This is a very hard to find solid brass Thomson-Houston socket. Sockets like these were last used in the early 1900's. In 1900 they had a remaining market share of just 10%. Due to the creation of Edison base adapters for these sockets, and an agressive campaign to market them, by 1905 these sockets had disappeared completely.
Below is a bit of info about early light bulb sockets taken from the 1927 book, 'The History Of The Incandescent Lamp' by J.W. Howell and Henry Schroeder:
Other Bases
Soon after the commercial introduction of Edison's lamp, many other concerns began making lamps, each with an individual design of base. This required a corresponding socket to fit the base and no less than fourteen different designs were in use at one time or another.
In 1900, the more important designs in use were the Edison, which covered about 70 per cent of the total, the Westinghouse, 15 per cent and the Thomson-Houston 10, per cent. The remaining 5 per cent covered the other designs.

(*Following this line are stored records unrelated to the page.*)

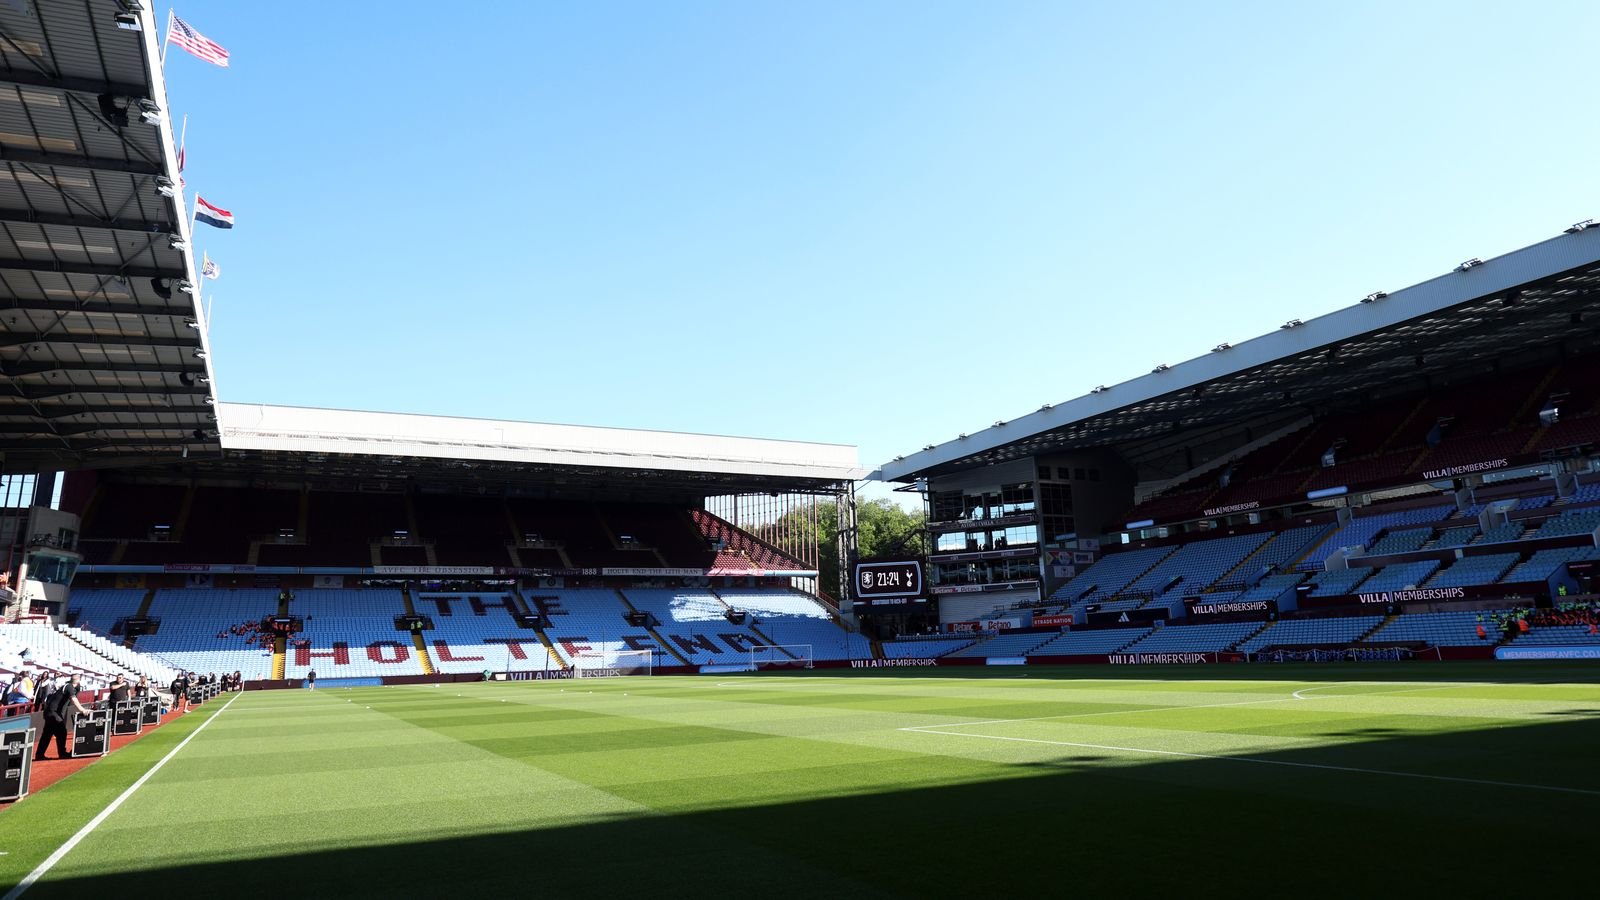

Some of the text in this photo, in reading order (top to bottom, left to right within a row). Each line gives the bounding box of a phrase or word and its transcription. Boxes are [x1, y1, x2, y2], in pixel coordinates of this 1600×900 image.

[1423, 458, 1508, 479] VILLA MEMBERSHIPS
[1203, 501, 1260, 516] VILLA MEMBERSHIPS
[434, 566, 486, 575] OBSESSION
[877, 571, 900, 586] 21:24
[1359, 587, 1465, 603] VILLA MEMBERSHIPS
[419, 596, 569, 618] THE
[1192, 601, 1268, 614] VILLA MEMBERSHIPS
[851, 658, 938, 668] VILLA MEMBERSHIPS
[1108, 653, 1207, 664] VILLA MEMBERSHIPS
[510, 672, 542, 681] VILLA
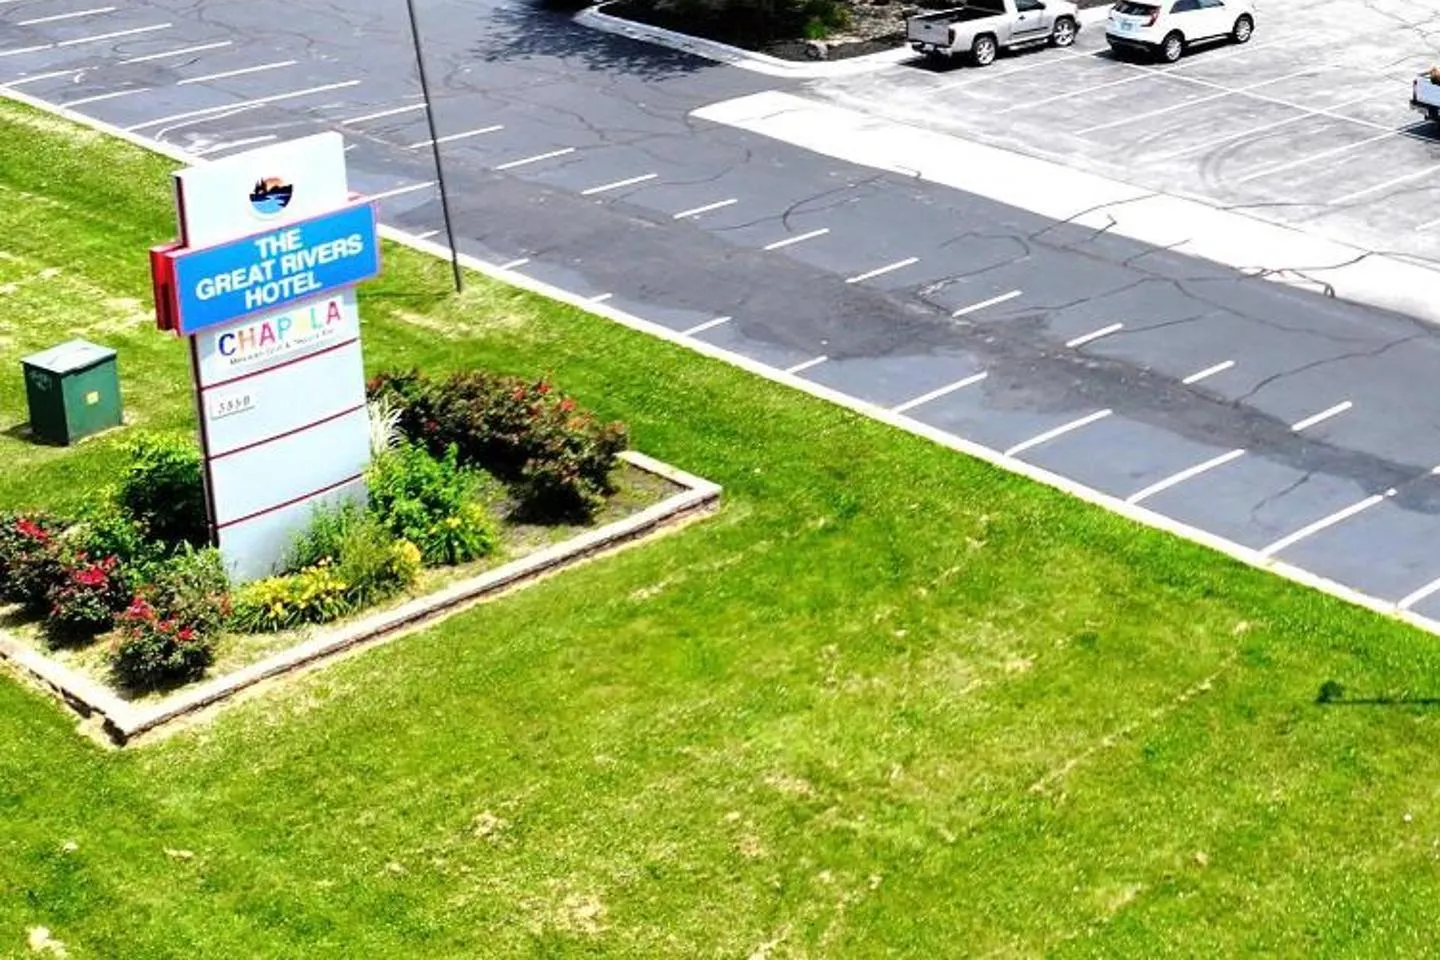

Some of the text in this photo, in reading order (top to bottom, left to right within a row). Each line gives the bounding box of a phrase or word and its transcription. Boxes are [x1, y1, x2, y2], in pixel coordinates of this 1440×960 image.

[254, 228, 303, 259] THE
[195, 234, 364, 301] GREAT RIVERS
[245, 271, 323, 310] HOTEL
[218, 300, 342, 356] CHAPLA
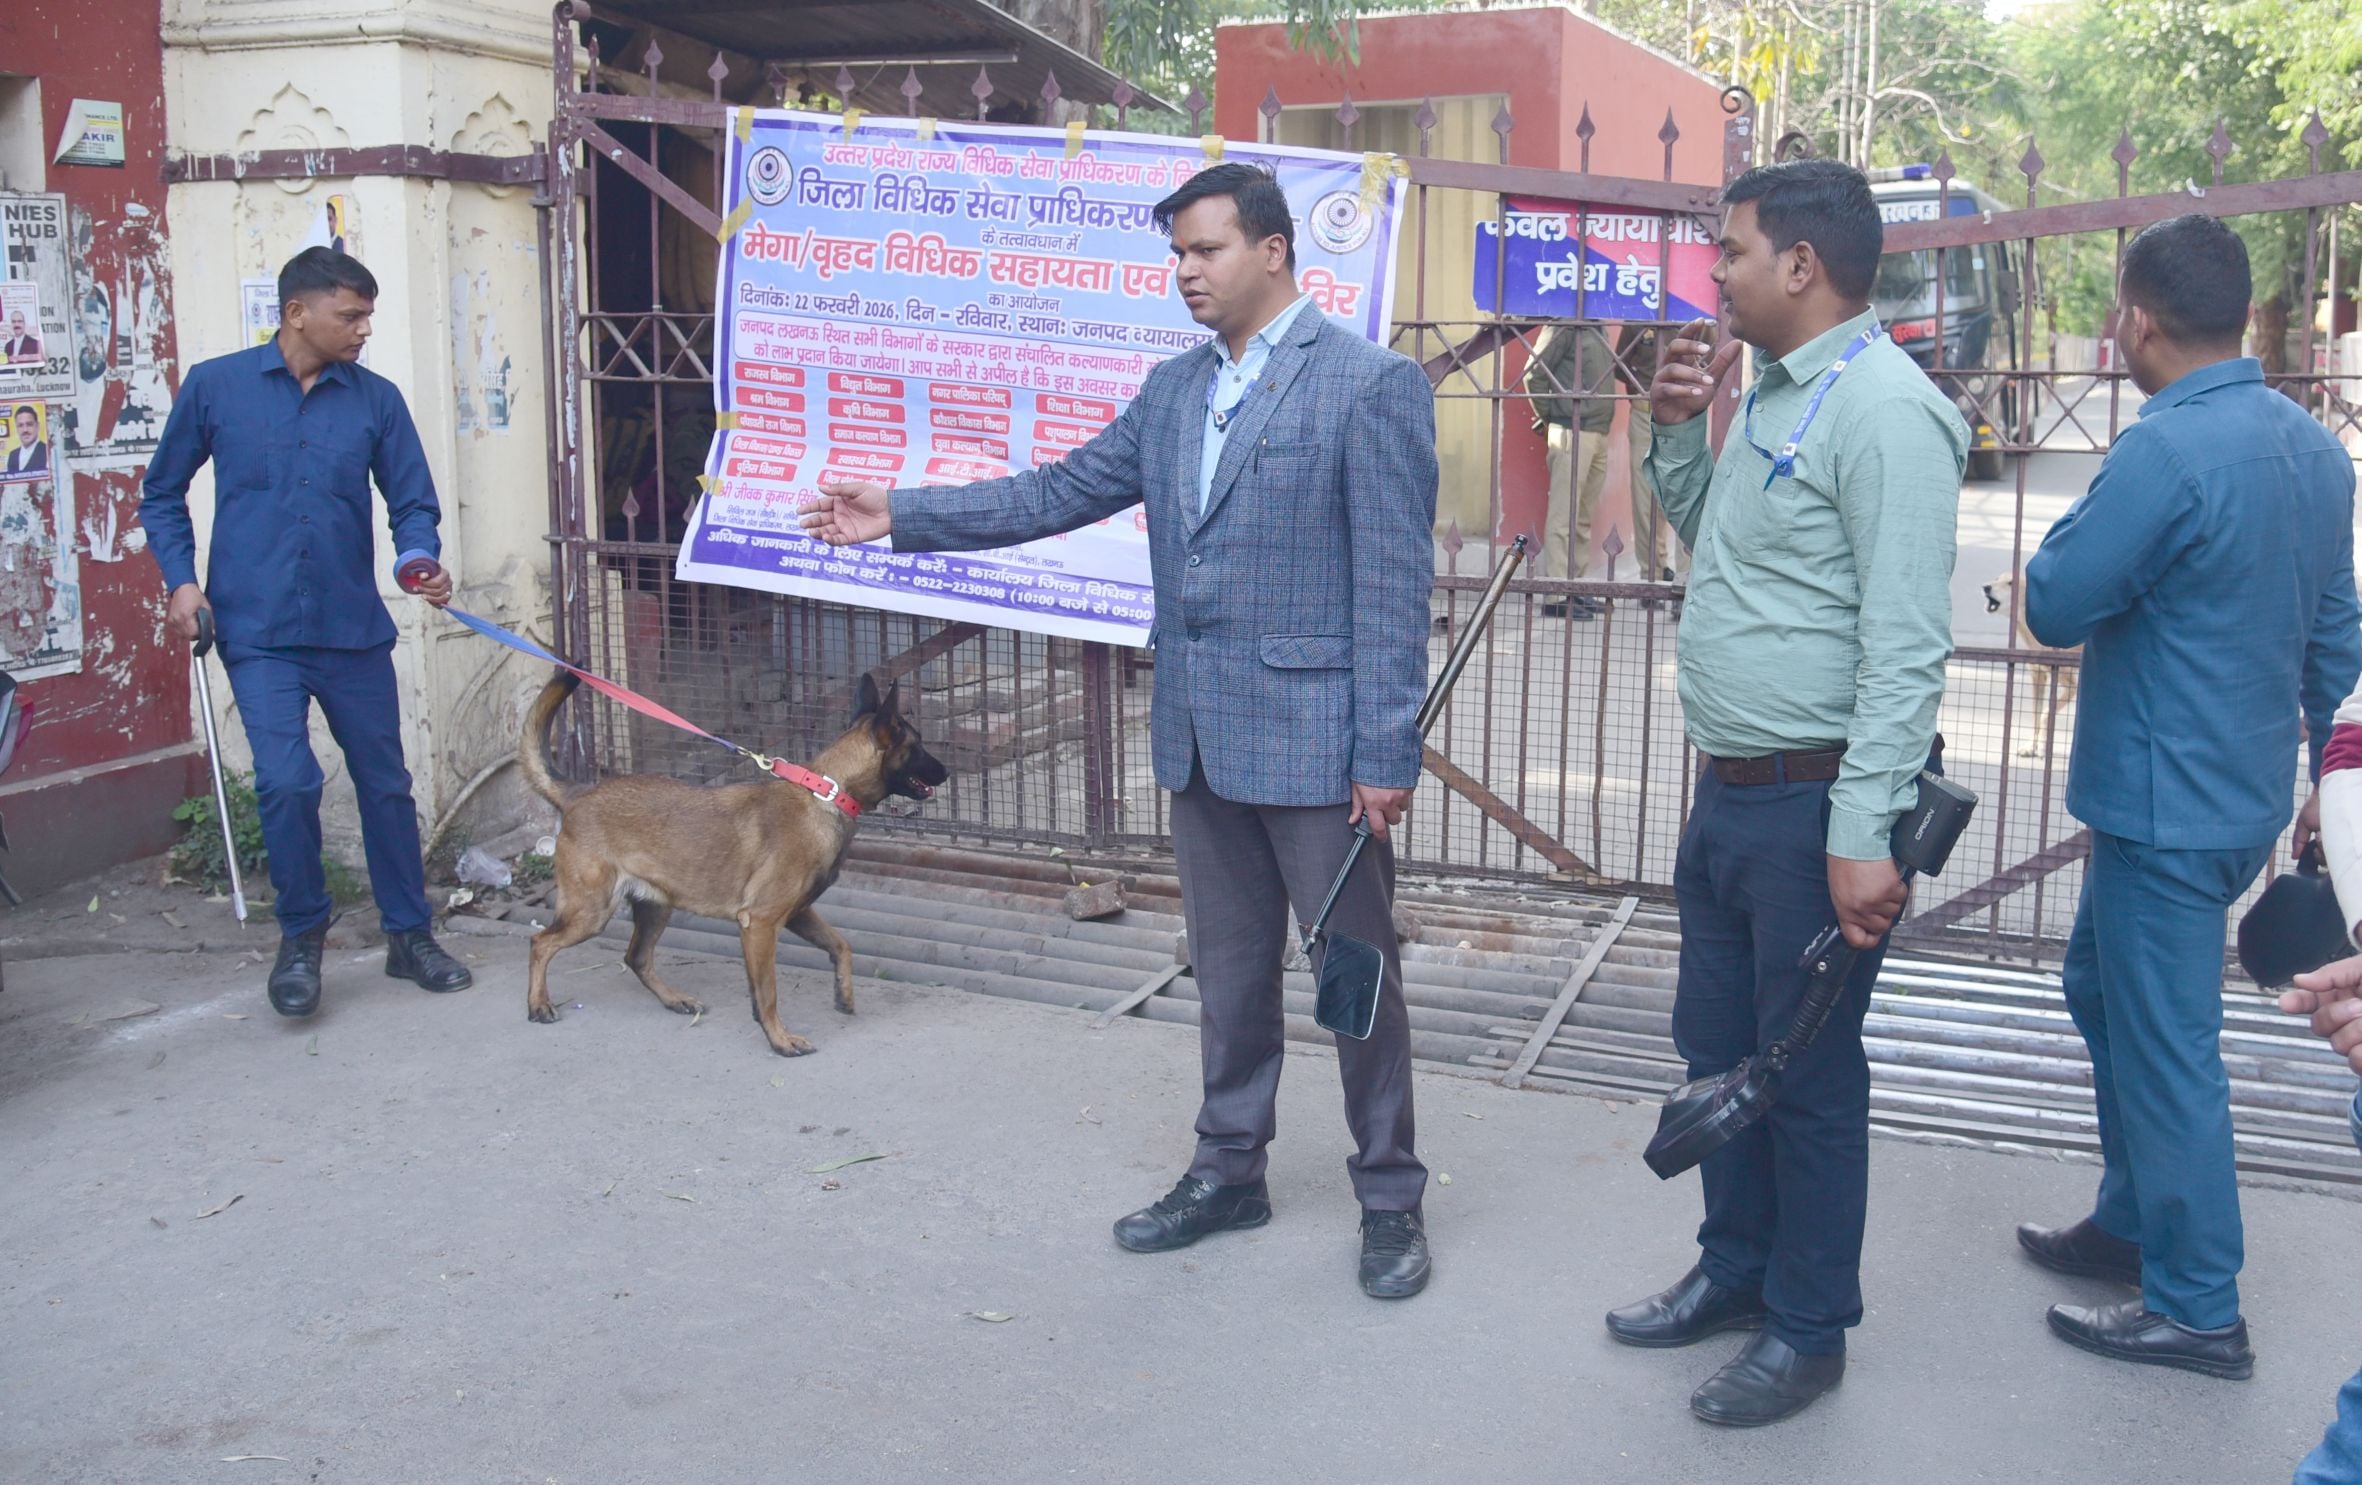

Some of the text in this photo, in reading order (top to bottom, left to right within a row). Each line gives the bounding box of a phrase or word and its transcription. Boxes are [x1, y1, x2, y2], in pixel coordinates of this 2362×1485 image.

[82, 131, 115, 142] AKIR
[823, 143, 867, 168] उत्तर
[872, 144, 913, 170] प्रदेश
[917, 148, 956, 172] राज्य
[962, 146, 1015, 176] विधिक
[1020, 151, 1055, 178] सेवा
[1059, 153, 1141, 185] प्राधिकरण
[1147, 160, 1168, 186] के
[799, 168, 866, 208] जिला
[874, 174, 960, 216] विधिक
[967, 182, 1021, 220] सेवा
[9, 224, 58, 239] HUB
[981, 227, 996, 244] के
[1066, 233, 1081, 251] में
[885, 233, 982, 277] विधिक
[990, 252, 1114, 292] सहायता
[1122, 257, 1177, 297] एवं
[1301, 269, 1360, 315] विर
[1535, 252, 1661, 309] प्रवेश हेतु
[794, 294, 808, 310] 22
[813, 293, 860, 316] फरवरी
[864, 301, 899, 321] 2026,
[906, 300, 936, 324] दिन
[955, 305, 1012, 332] रविवार,
[1018, 316, 1065, 335] स्थान:
[1072, 320, 1128, 341] जनपद
[988, 292, 1060, 312] का आयोजन
[740, 318, 775, 337] जनपद
[778, 320, 819, 341] लखनऊ
[823, 322, 850, 345] स्थित
[854, 327, 878, 347] सभी
[881, 328, 924, 352] विभागों
[926, 334, 939, 352] के
[943, 339, 985, 360] सरकार
[988, 343, 1011, 363] द्वारा
[1015, 343, 1064, 367] संचालित
[1068, 350, 1143, 376] कल्याणकारी
[753, 342, 769, 358] को
[772, 345, 793, 360] लाभ
[797, 348, 826, 366] प्रदान
[829, 346, 857, 369] किया
[908, 360, 933, 377] आप
[936, 359, 962, 379] सभी
[966, 363, 978, 380] से
[981, 361, 1018, 385] अपील
[1020, 366, 1032, 388] है
[1033, 367, 1050, 388] कि
[1054, 374, 1074, 394] इस
[1077, 377, 1119, 398] अवसर
[707, 529, 748, 546] अधिक
[751, 533, 811, 554] जानकारी
[814, 540, 831, 556] के
[832, 544, 863, 562] लिए
[866, 549, 914, 569] सम्पर्क
[967, 564, 1034, 587] कार्यालय
[1038, 573, 1081, 595] जिला
[1085, 581, 1139, 602] विधिक
[779, 555, 820, 571] अथवा
[824, 560, 855, 577] फोन
[1059, 596, 1087, 613] बजे
[1091, 599, 1109, 614] से
[1112, 604, 1152, 621] 05:00

Standardizing the Edison Base
As the use of incandescent lamps became more general and the necessity arose for more types of lamps to meet individual specific requirements, together with the need of stocks at convenient distributing points throughout the country to supply the demand promptly, the existence of so many different lamp bases presented a situation which, if continued, would seriously retard the development of the electric lighting industry. The necessity for overcoming this condition seemed imperative and it was recognized that something must be done to simplify the lamp base problems.
The task seemed insurmountable. At this time, 1900, there was an aggregate of about fifty million sockets of various designs in use in the United States. It seemed desirable to standardize on the Edison base and socket because of the simplicity of its design and extent of its use. To change the sockets of the types other than Thomson-Houston and Westinghouse to the Edison type of socket was considered possible, but to replace every Thomson-Houston and Westinghouse socket with an Edison screw socket was thought impossible. It appeared, however, that adapters could be designed to enable existing Thomson-Houston and Westinghouse sockets to receive lamps fitted with the Edison screw base, but even this was considered by many to be impossible of accomplishment commercially. Nevertheless, believing that it should at least be tried, the adapters were designed and made, being sold at cost.
The campaign, which was started to effect the corresponding changes commercially, was so successful that in less than five years the demand for lamps in the United States with other than the Edison base practically ceased. At the present time, the five hundred million sockets now in use in this country on commercial lighting circuits are all of the Edison screw type.